…May delist from NSE
By Omokehinde Joshua
The majority shareholder of 7Up Bottling Company, Affelka, proposed to buy out minority shareholders of the company at N112.7 per share, translating into 18% premium relative to its current price of N97.12 per share. The company has a total outstanding shares of 640,590,000 units distributed into 73.23% and 26.77% between majority and minority shareholders respectively.

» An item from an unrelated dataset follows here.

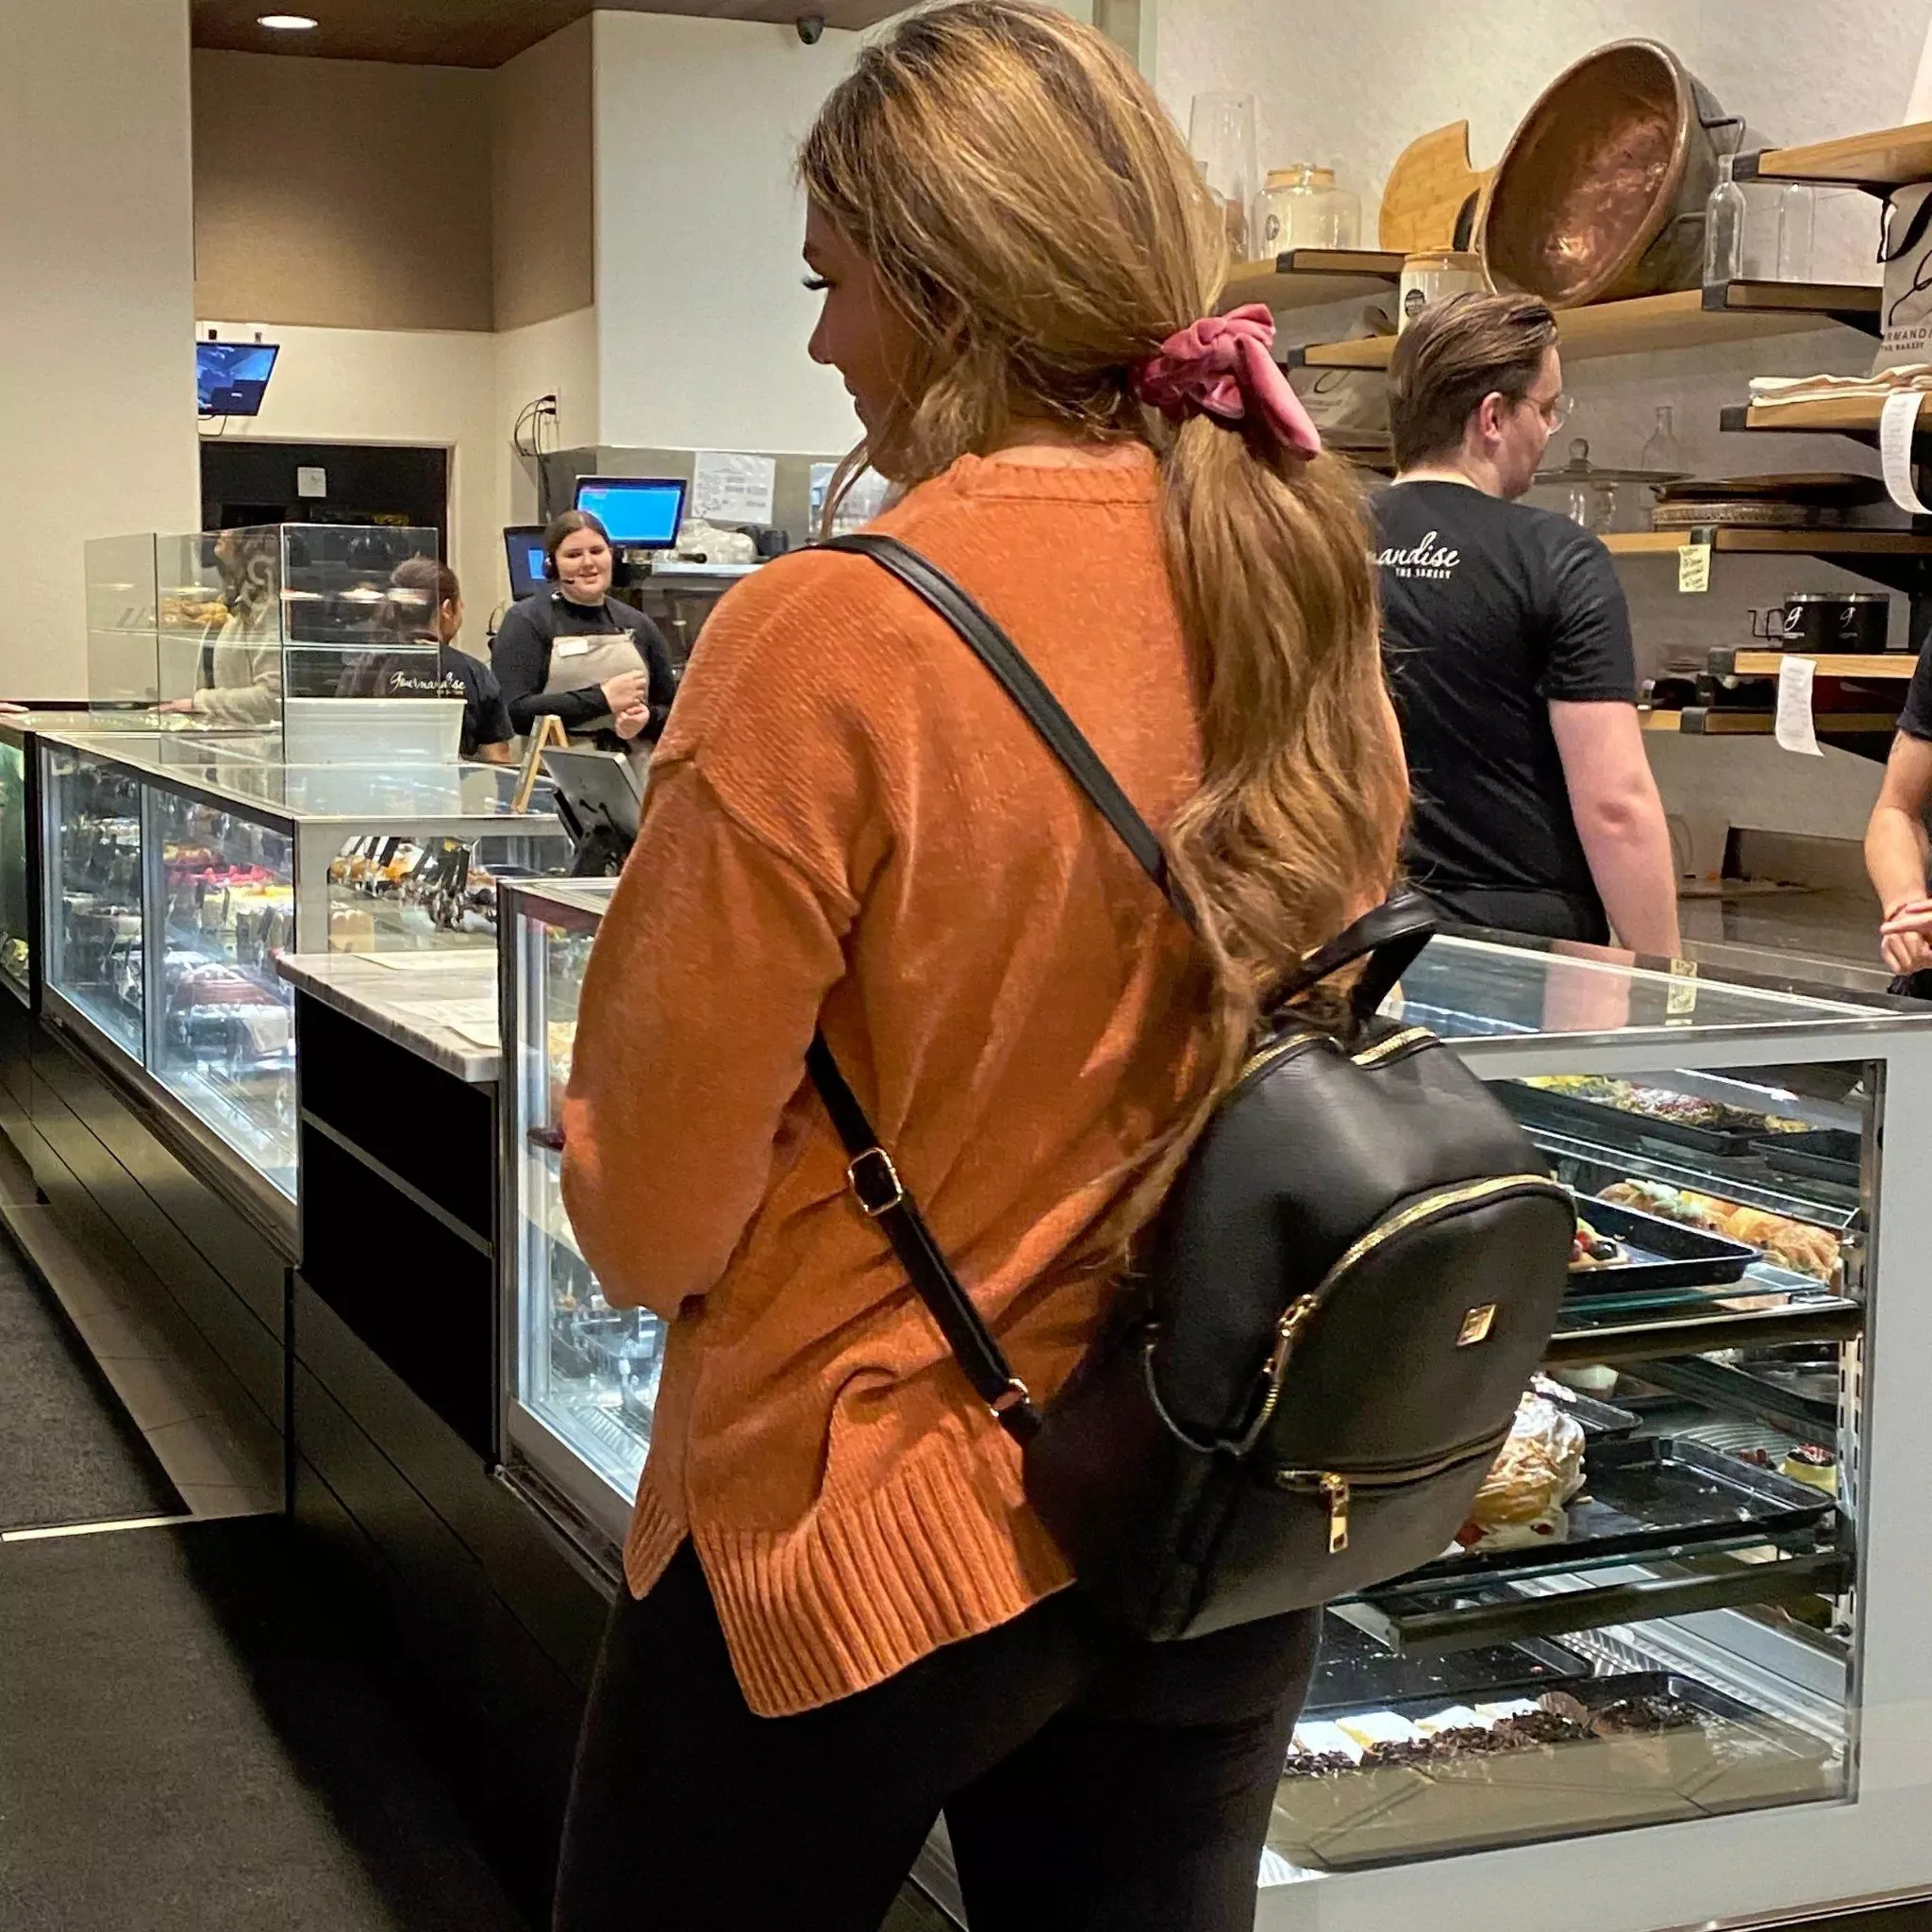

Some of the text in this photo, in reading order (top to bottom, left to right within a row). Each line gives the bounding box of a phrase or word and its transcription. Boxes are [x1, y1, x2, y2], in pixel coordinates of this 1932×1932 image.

[1895, 341, 1924, 350] BAKERY
[1395, 568, 1451, 579] THE BAKERY

This translated into 469,090,000 and 171,500,000 units of shares held by the two classes of shareholders. If this proposal is successful, an amount equivalent to N19.328billion will be required to buy out the minority shareholders. The intention of this proposal is for the shareholders to apply for delisting from the official list of The Nigerian Stock Exchange, changing from a public to a private limited company. However, we can see some deliberate move to deprive the minority shareholders by the majority shareholders from the historical behavior of the stock prices from the last quarter in 2014 to first quarter in 2017. 7Up share traded as high as N197/share in October, 2015, from where it started declining to as low as N76.01 on March 24, 2017; the lowest since February 2014. This was ascribed to the volatility in the foreign exchange market resulting from the decline in the prices of crude oil, the major source of foreign exchange revenue to the government. Consequently, 7Up began to post negative earnings (or loss) of N10.776billion for the year ended 31st March, 2016, losses of N1.557billion, and N4.843billion for Quarters 1 and 3- 2017 with a view to discourage the minority shareholders. This is purely asymmetric information against the minority interest. The company is trying to play safe, observing the Nigerian Stock Exchange Rules of delisting and compensation to minority shareholders. They also want to increase their holdings having exhausted the limit by NSE rule. Now when stability has returned to the FOREX market and now the best time for the company to post positive and good earnings, comes with proposal to buy out minority shareholders. If the proposal will be accepted, the premium must double the 18% proposed.